Adapun Faktor-faktor penghambat komunikasi menurut Purwoto, Heri (1994), yaitu :
a. kemampuan pemahaman yanng berbeda
b. Pengamatan / penafsiran yang berbeda kerena pengalaman masa lalu
c. Komunikasi satu arah
d. Kepentingan yang berbeda
e. Memberikan jaminan yang tidak mungkin
f. Memberitahu apa yang harus dilakukan kepada klien
g. Menuntut bukti
h. Membicarakan ha;-hal yang bersifat pribadi
i. Memberikan kritik mengenai perasaan penderita
j. menghentikan / mengalihkan topik pembicaraan
k. terlalu banyak bicara yang seharusnya didengarkan
l. memperlihatkan sifatjemu, pesimis
Faktor-faktor penghambat komunikasi menurut Karyoso, (1994), yaitu :
a. Kecakapan yang kurang dalam berkomunikasi
b. Sikap yang kurang tepat
c. Kurang pengetahuan
d. kurang memahami sistem sosial
e. Prasangka yang tidak beralasan
f. Jarak fisik,
g. Tidak ada persamaan persepsi
h.

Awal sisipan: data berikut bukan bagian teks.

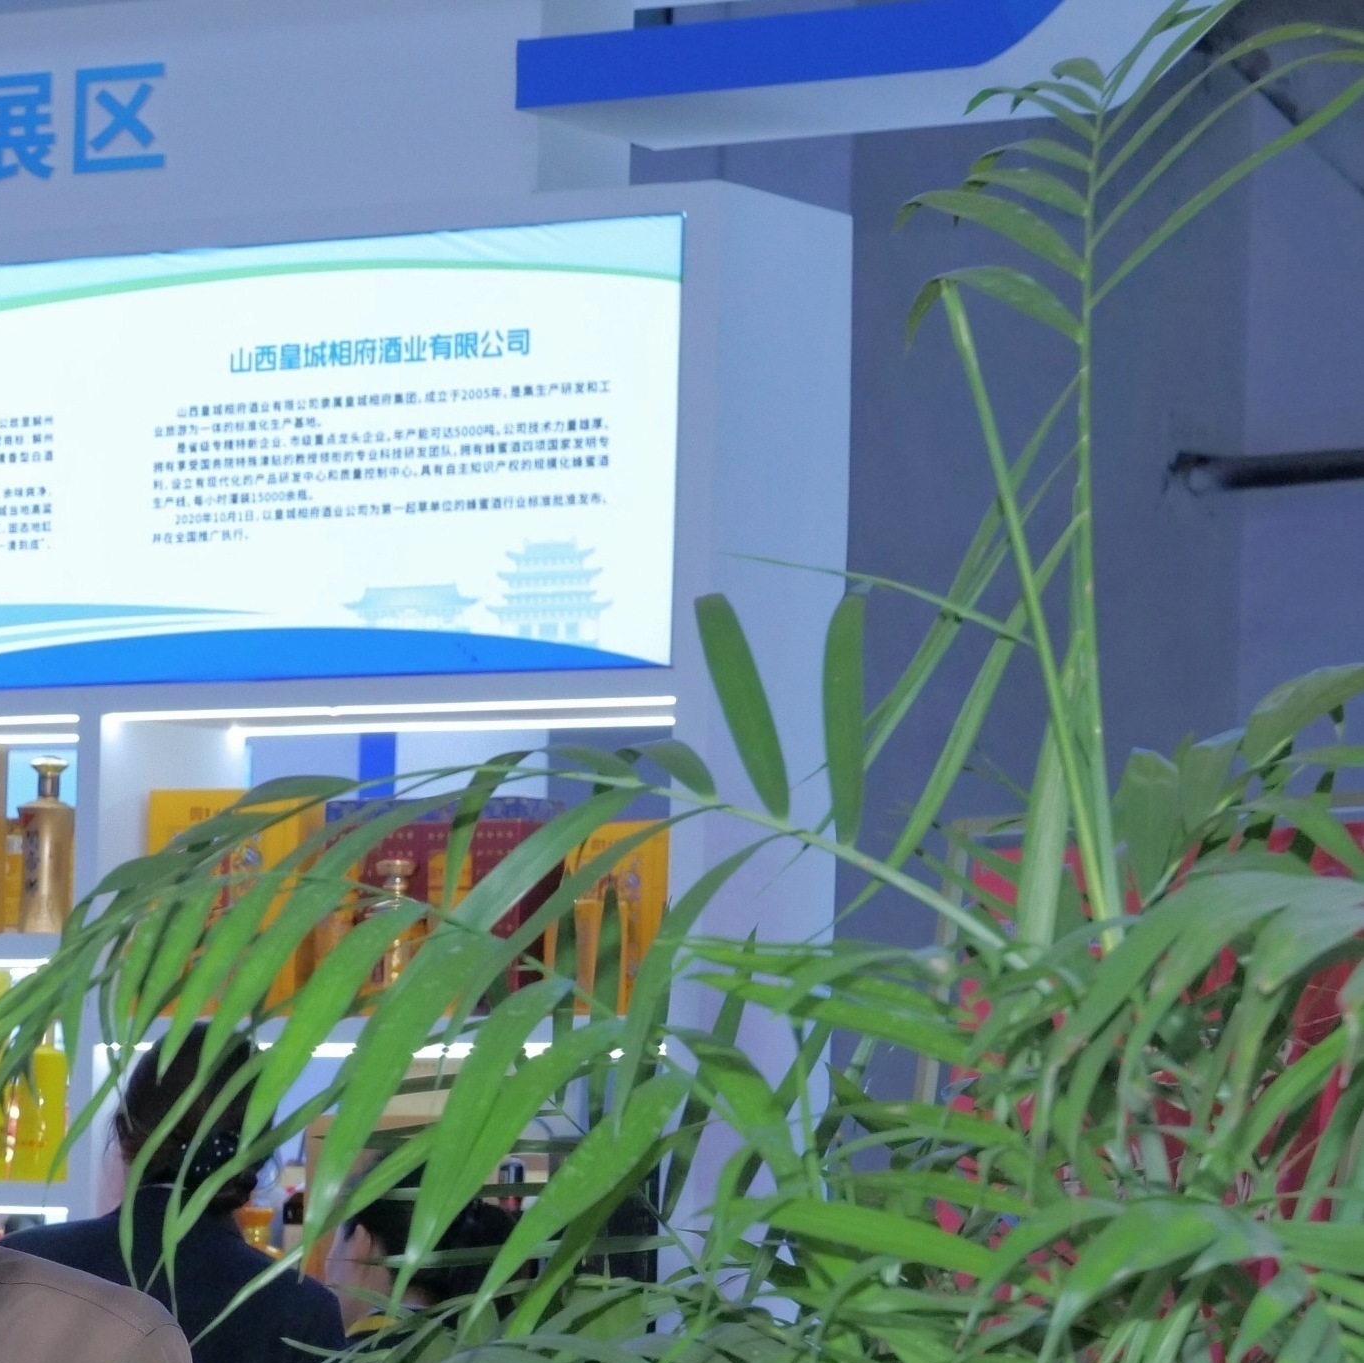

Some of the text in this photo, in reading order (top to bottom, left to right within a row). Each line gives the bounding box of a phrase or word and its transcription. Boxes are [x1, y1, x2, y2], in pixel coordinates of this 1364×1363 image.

[229, 327, 531, 375] 山西皇城相府酒业有限公司

Indra yanng rusak
i. berbicara yang berlebihan
j. mendominir pembicaraan
Sedangkan Faktor-faktor penghambat komunikasi menurut Blais, Kathleen Koening,dkk
(2002), yaitu :
a. Tahap perkembangan
b. Jenis kelamin
c. Peran dan hubungan
d. Karakteristik sosiokultural
e. Nilai persepsi
f. Ruang dan teritorial
g. Lingkungan
h. Kesesuaiaan
i. Sikap interpersonal
2.12 KOMUNIKASI NON-TERAPEUTIK
Komunikasi Non-Terapeutik merupakan komunikasi yang dapat merintangi atau merusak
profesionalisme hubungan yaitu :
a.    Menanyakan pertanyaan pribadi
b.    Memberikan pendapat pribadi
c.    Mengganti subyek
d.    Respon otomatis
e.    Penentraman hati yang keliru
f.     Simpati
g.    Meminta penjelasan
h.    Persetujuan atau penolakan
i.      Respon bertahan
j.      Respon agresif atau pasif
k.    Membantah

BAB III
PENUTUP
3.1         KESIMPULAN
Komunikasi merupakan aktivitas penting manusia dalam menjalani kehidupan. Sebagai
bagian dari makhluk sosial yang syarat dengan keberagaman, kebutuhan dan kepentingan serta
harapan-harapan yang ingin dicapai, manusia tidak bisa lepas dari aktivitas komunikasi. Perawat
sebagai salah satu profesi kesehatan yang mempunyai waktu paling lama berinteraksi dengan
klien dituntut mempunyai keterampilan komunikasi yang bermakna Terapeutik.
3.2         SARAN
Keterampilann berkomunikasi yang baik dan benar serta efektif yang berdampak
Terapeutik merupakan kemampuan penting yang harus dimiliki oleh semua tenaga pelayanan
kesehatan, terutama perawat. Kemampuan ini perlu ditumbuh kembangkan sehingga menjadi
kebiasaan bagi perawat dalam menjalankan aktivitasnya sehari-hari.
Maka dari itu, kegiatan komunikasi bagi perawat harus dilakukan dengan penuh kejujuran dan
ketulusan disertai dengan komitmen yang kuat untuk memberikan pelayanan yang terbaik bagi
klien.

DAFTAR PUSTAKA
Lisa Kennedy Sheldon, PhD, APRN. Komunikasi untuk Keperawatan Berbicara Dengan Pasien. Edisi kedua.
Terjemahan dari : Communication For Nurses; Talking With Patients, Second Edition. Penerbit
Erlangga. Jakarta.
Mundakir . (2006). Komunikasi Keperawatan Aplikasi Dalam Pelayanan. Edisi pertama. Penerbit Graha Ilmu.
Yogyakarta.
Ajeng Putrie Cutik.  Komunikasi pada Anak dan Remaja . http://putricutik.blogspot.com/2012/07/komunikasi-
pada-anak-remaja.html
vassella_sestra . (2011). Terapeutik pada berbagai tingkat usia.